Text-to-region grounding data:
┌──

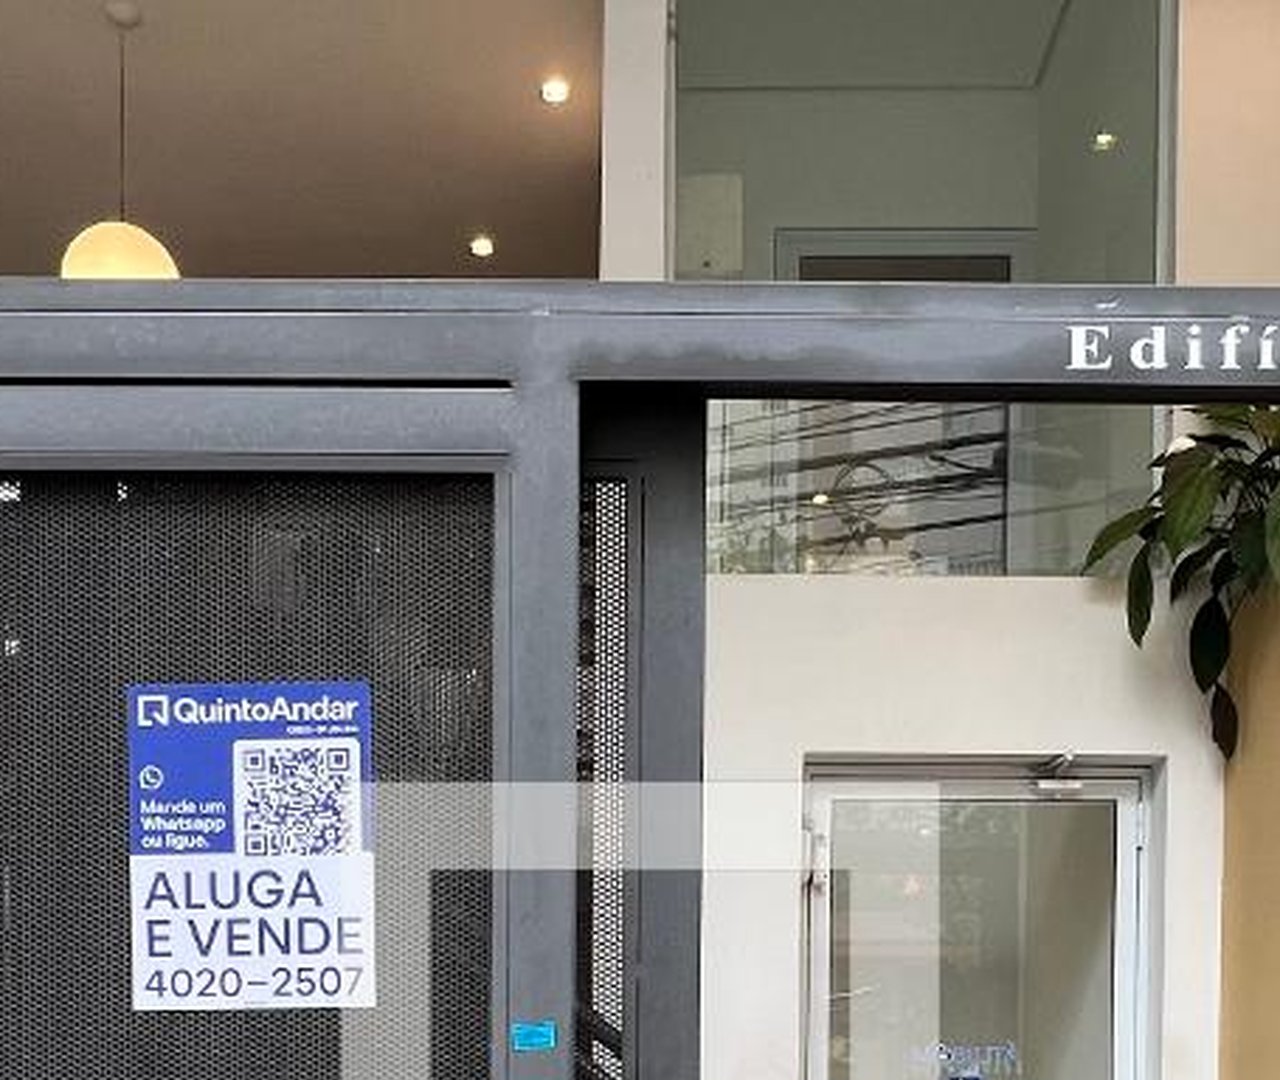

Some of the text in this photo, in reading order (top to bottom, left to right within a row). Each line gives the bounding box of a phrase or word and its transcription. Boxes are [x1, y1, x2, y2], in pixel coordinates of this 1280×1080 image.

[174, 695, 359, 724] QuintoAndar
[199, 801, 226, 814] um
[144, 869, 324, 910] ALUGA
[146, 916, 365, 958] E VENDE
[145, 967, 365, 998] 4020-2507
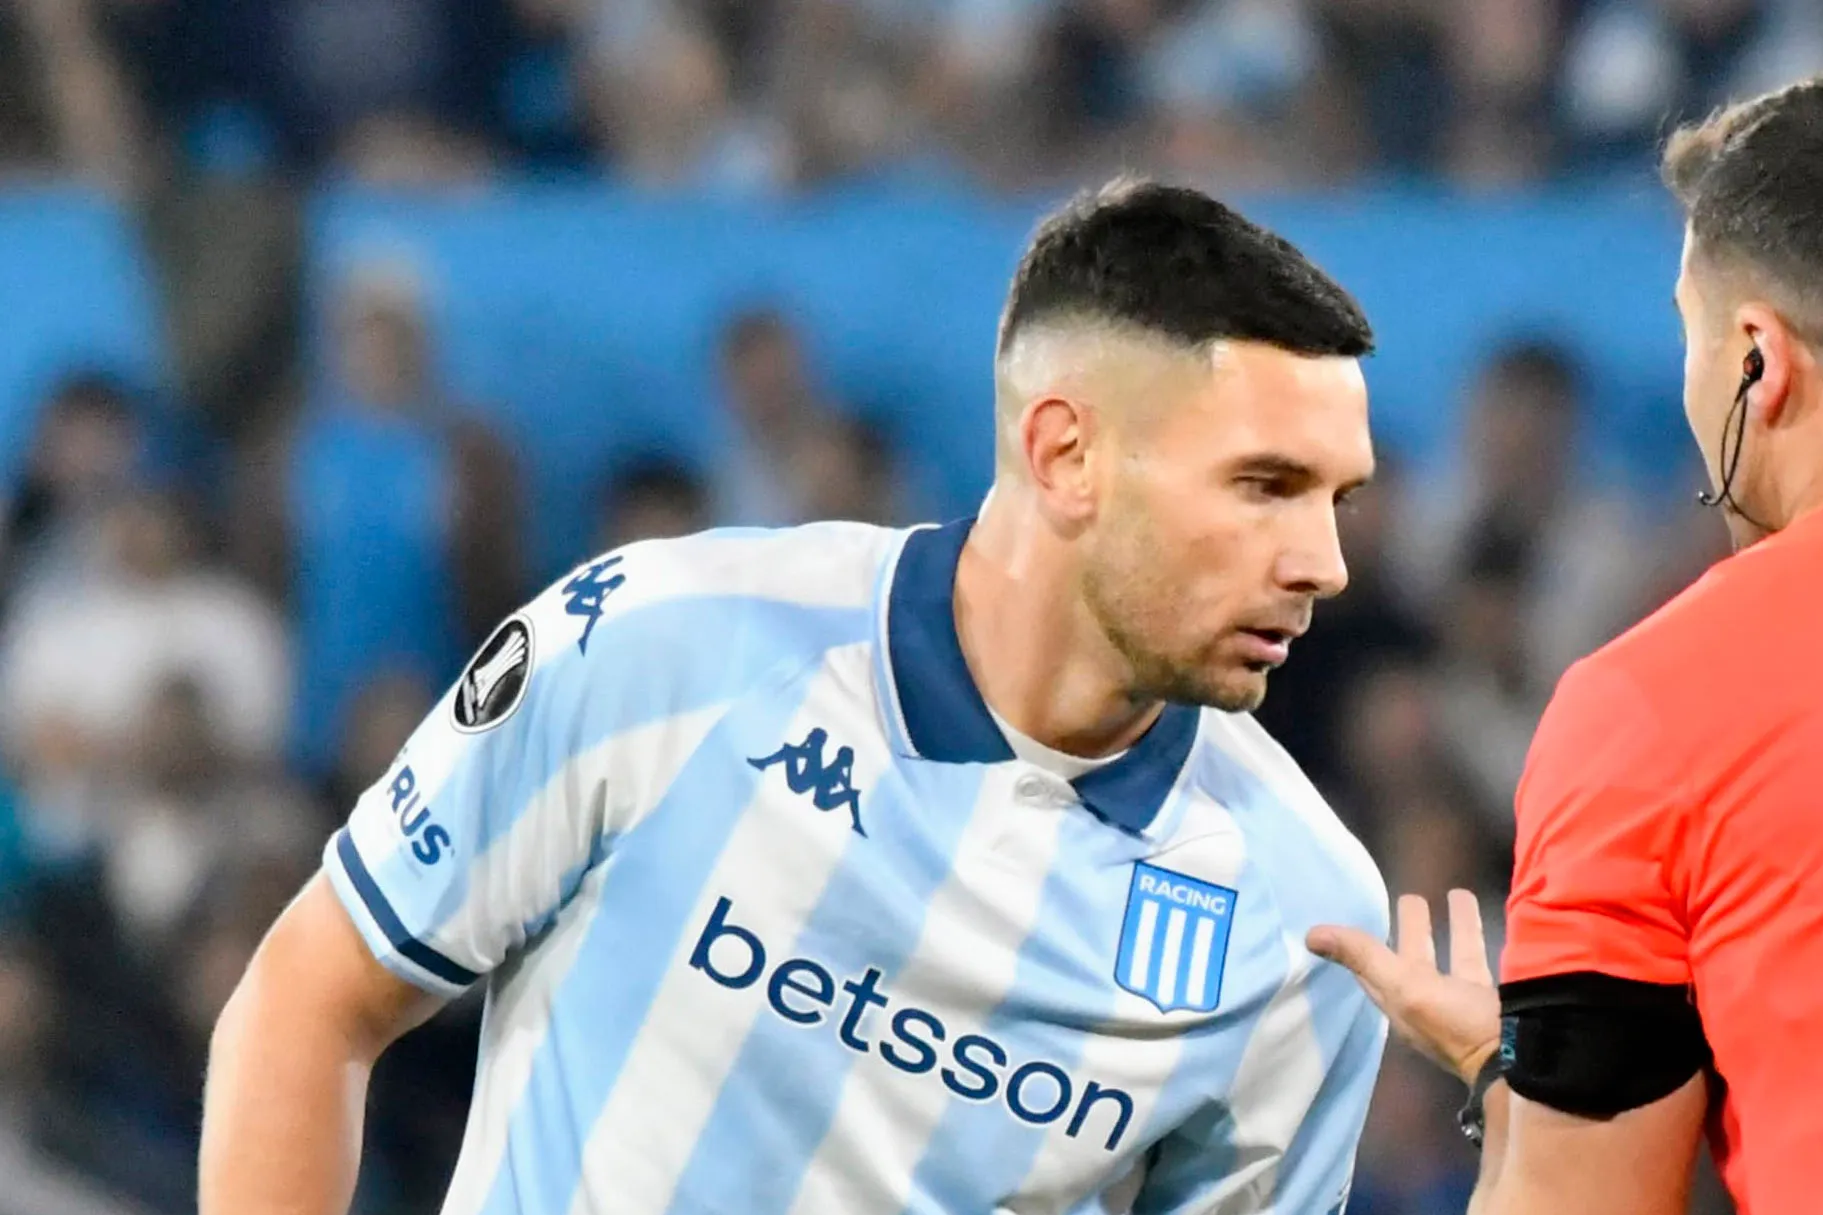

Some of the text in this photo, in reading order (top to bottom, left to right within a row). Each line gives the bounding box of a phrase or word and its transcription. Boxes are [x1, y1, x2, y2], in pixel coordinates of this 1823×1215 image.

[386, 764, 451, 866] RUS
[1139, 874, 1227, 916] RACING
[688, 895, 1135, 1152] betsson
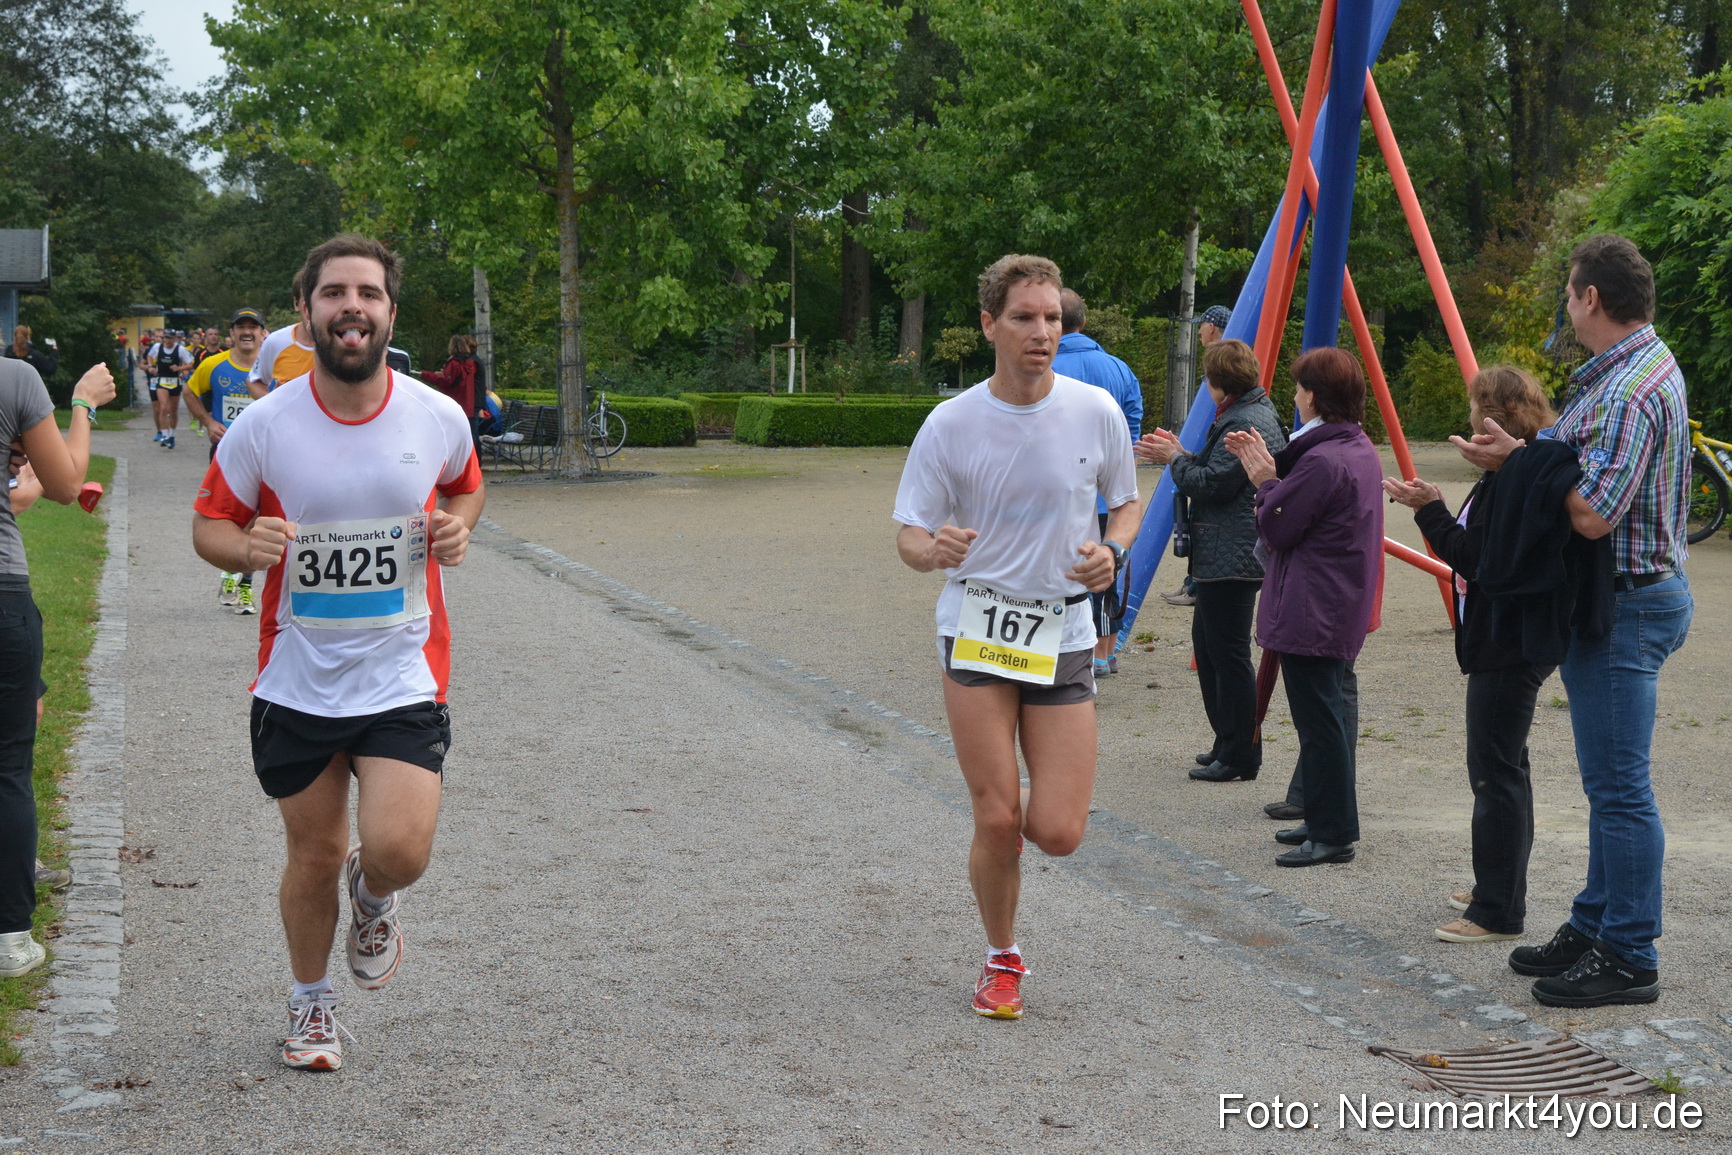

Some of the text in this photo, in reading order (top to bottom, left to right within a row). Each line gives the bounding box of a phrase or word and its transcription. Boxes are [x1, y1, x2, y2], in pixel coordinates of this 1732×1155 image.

[328, 529, 386, 543] Neumarkt
[297, 545, 397, 588] 3425
[966, 587, 1050, 612] PARTL Neumarkt
[983, 605, 1044, 647] 167
[979, 646, 1029, 669] Carsten
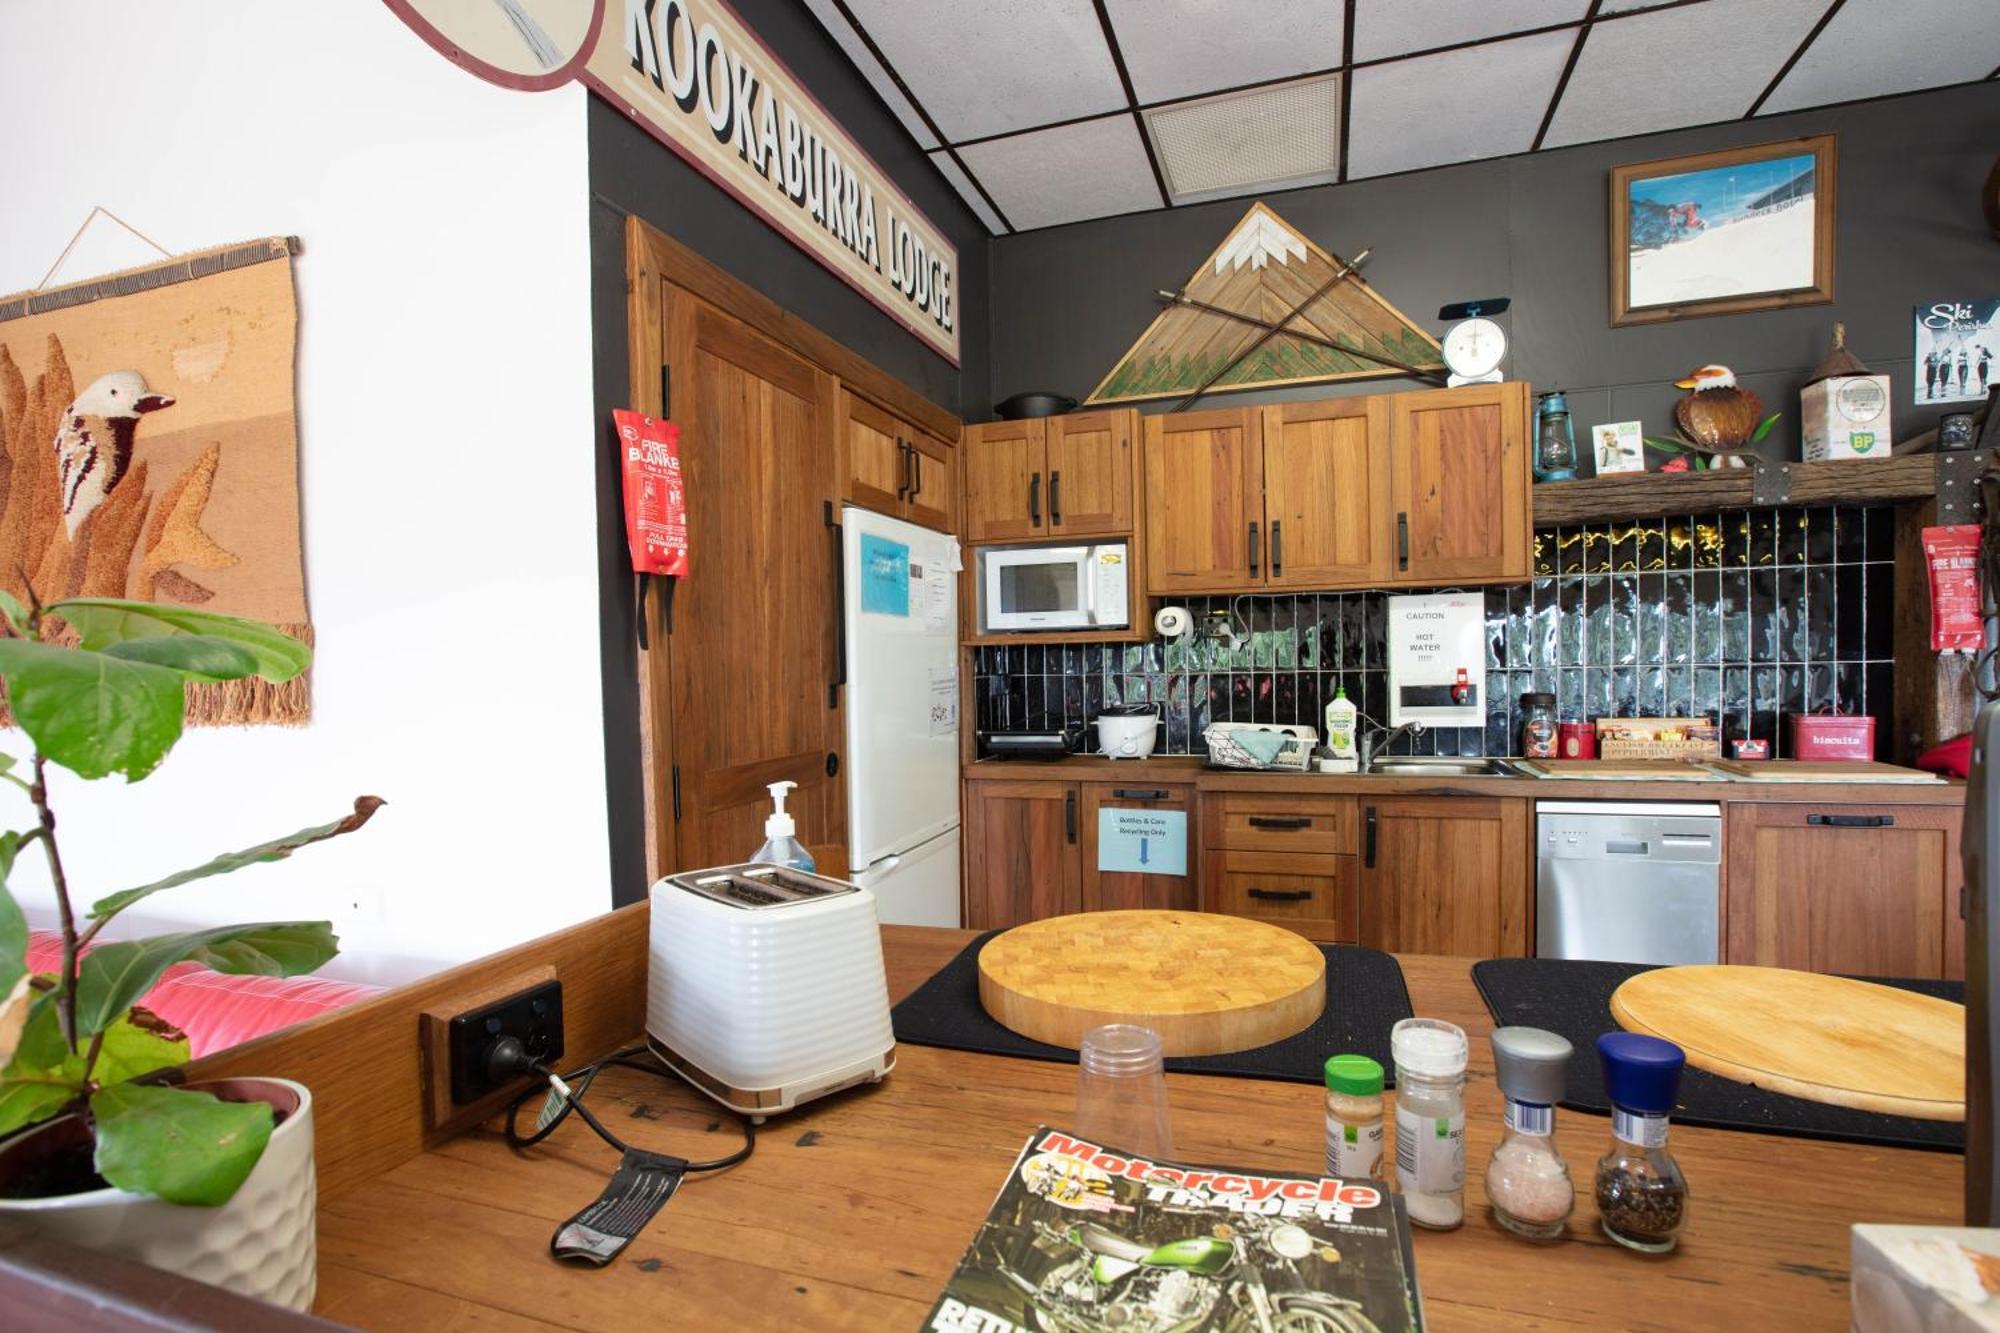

└──

• _YOUR ASSIGNMENT_: Transcribe the records above exactly, omitting every picture they contain.

• _SOLUTION BELOW_:
Some of the text in this photo, in reading order (top to bottom, left to right within a row). Each line gives the bounding box of a phrase or word and its transcription. Boxes are [x1, y1, x2, y2], in pixel coordinates of this 1280×1080 image.

[174, 695, 359, 724] QuintoAndar
[199, 801, 226, 814] um
[144, 869, 324, 910] ALUGA
[146, 916, 365, 958] E VENDE
[145, 967, 365, 998] 4020-2507

Some of the text in this photo, in reading order (top to bottom, left to right within a row). Each line gives the bounding box of a phrase or word and its transcription. Boxes are [x1, y1, x2, y2], in pixel coordinates of this 1823×1215 image.

[386, 764, 451, 866] RUS
[1139, 874, 1227, 916] RACING
[688, 895, 1135, 1152] betsson

Some of the text in this photo, in reading order (top to bottom, left to right within a row). Each line gives the bounding box of a phrase or word and its transcription. Boxes are [x1, y1, x2, y2], in pixel coordinates of this 1732×1155 image.

[328, 529, 386, 543] Neumarkt
[297, 545, 397, 588] 3425
[966, 587, 1050, 612] PARTL Neumarkt
[983, 605, 1044, 647] 167
[979, 646, 1029, 669] Carsten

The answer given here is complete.